There are a few requirements to the solution that would work for us:
- Watching videos needs to be possible but limited. We have no problem with watching videos but all day every day is not OK.
- There should not be any need for manual action. If we have to take any manual actions there will be times that we forget and enforcement will be inconsistent, making it useless.
- Messages through WhatsApp, iMessage, Instagram, etc should not be blocked. We live in suburbian USA and there is very limited mobility for teens here (no sidewalks, no bike roads so they have to be driven everywhere). Messages and such are a very important tool to stay in touch with friends socially.
Rate limiting seems to fit all these options. Her iPhone gets some quota (say 500MB) per day and after that the connection slows down to 16kB/s. This will not allow videos but message and email will work fine.
I looked around for ways of doing this with my OpenWRT router (Turris Omnia) and ran into a few issues: Most of the rate limiting examples limit only upstream bandwidth and I want to mostly limit downstream instead. Some of the solutions used magic incantations for the SQM system (traffic shaping) that I found more complex than worth getting in to. I found the CONNMARK iptables target and it seems to fit the bill exactly:
First MARK all packets from my daughter’s device:
iptables -t nat -A prerouting_rule -m mac --mac-source 1c:91:48:xx:xx:xx -j MARK --set-mark 0x0A -m comment --comment "iPhone SE"

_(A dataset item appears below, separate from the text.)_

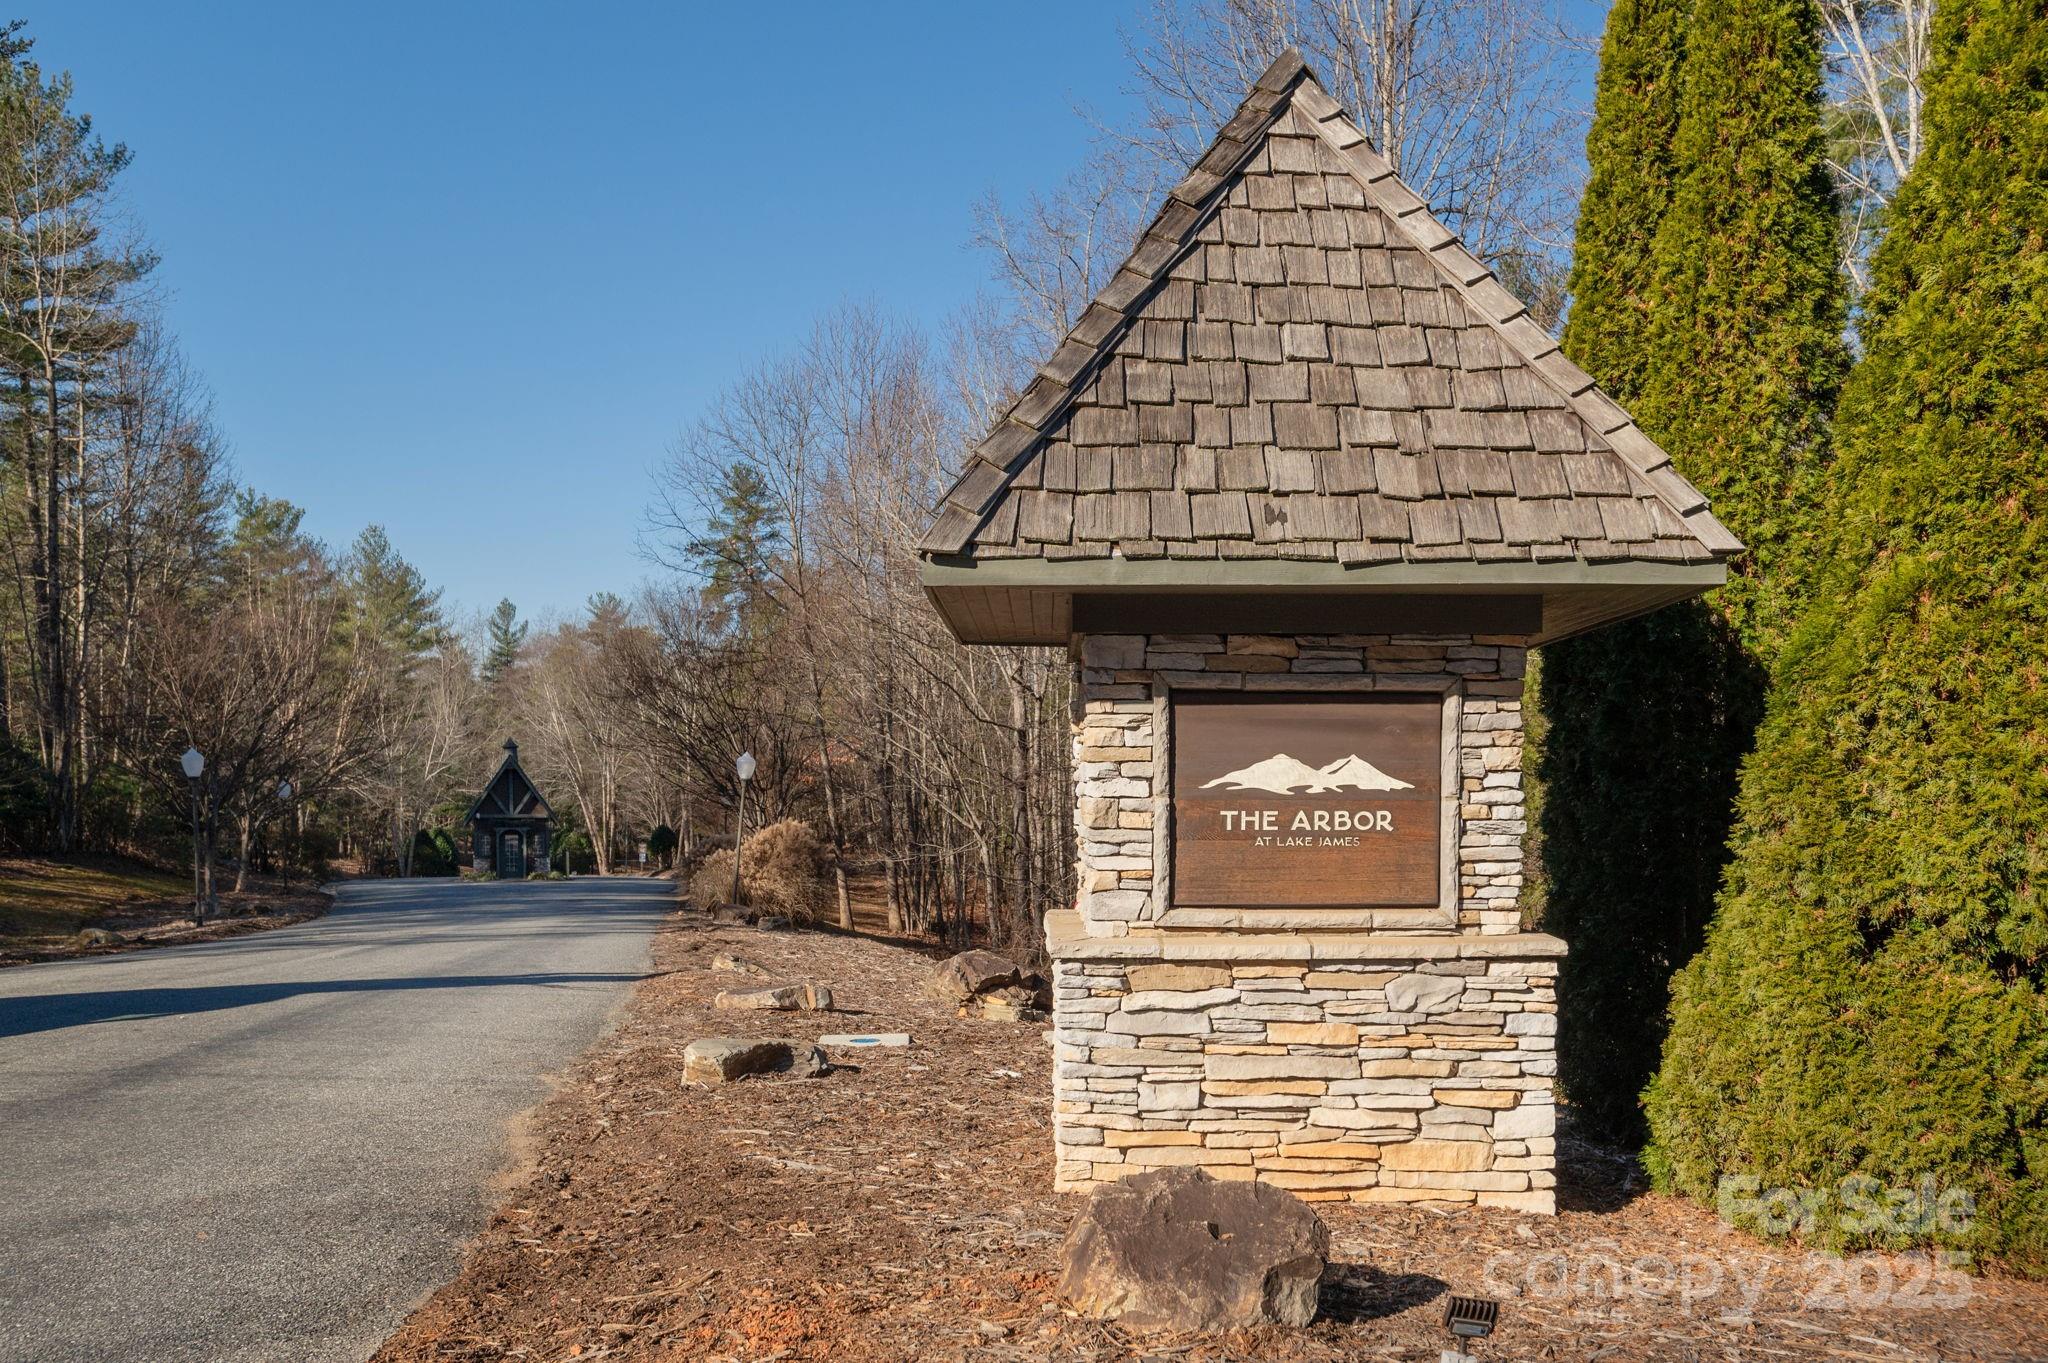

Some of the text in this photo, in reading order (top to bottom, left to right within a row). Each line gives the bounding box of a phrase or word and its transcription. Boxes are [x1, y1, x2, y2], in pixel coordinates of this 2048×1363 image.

[1220, 810, 1394, 832] THE ARBOR
[1254, 836, 1360, 847] AT LAKE JAMES

If you want to include more devices in this rule, just add more MARK rules, you can add as many mac addresses as you like. When all desired packets are marked, we need to transfer this mark to the connection that they are a part of:
# If a packet is marked, make sure the connection is marked as well
iptables -t nat -A prerouting_rule -m mark --mark 0xA -j CONNMARK --save-mark
# On incoming packets, make sure to read the connection mark back into the packet
iptables -t mangle -A PREROUTING -j CONNMARK --restore-mark
Because connection tracking is required for NAT anyway, this doesn’t cause a lot of extra load on the router. All open connections from one of the marked devices will now be marked with the value 0xA, which we will use later to limit the download speed.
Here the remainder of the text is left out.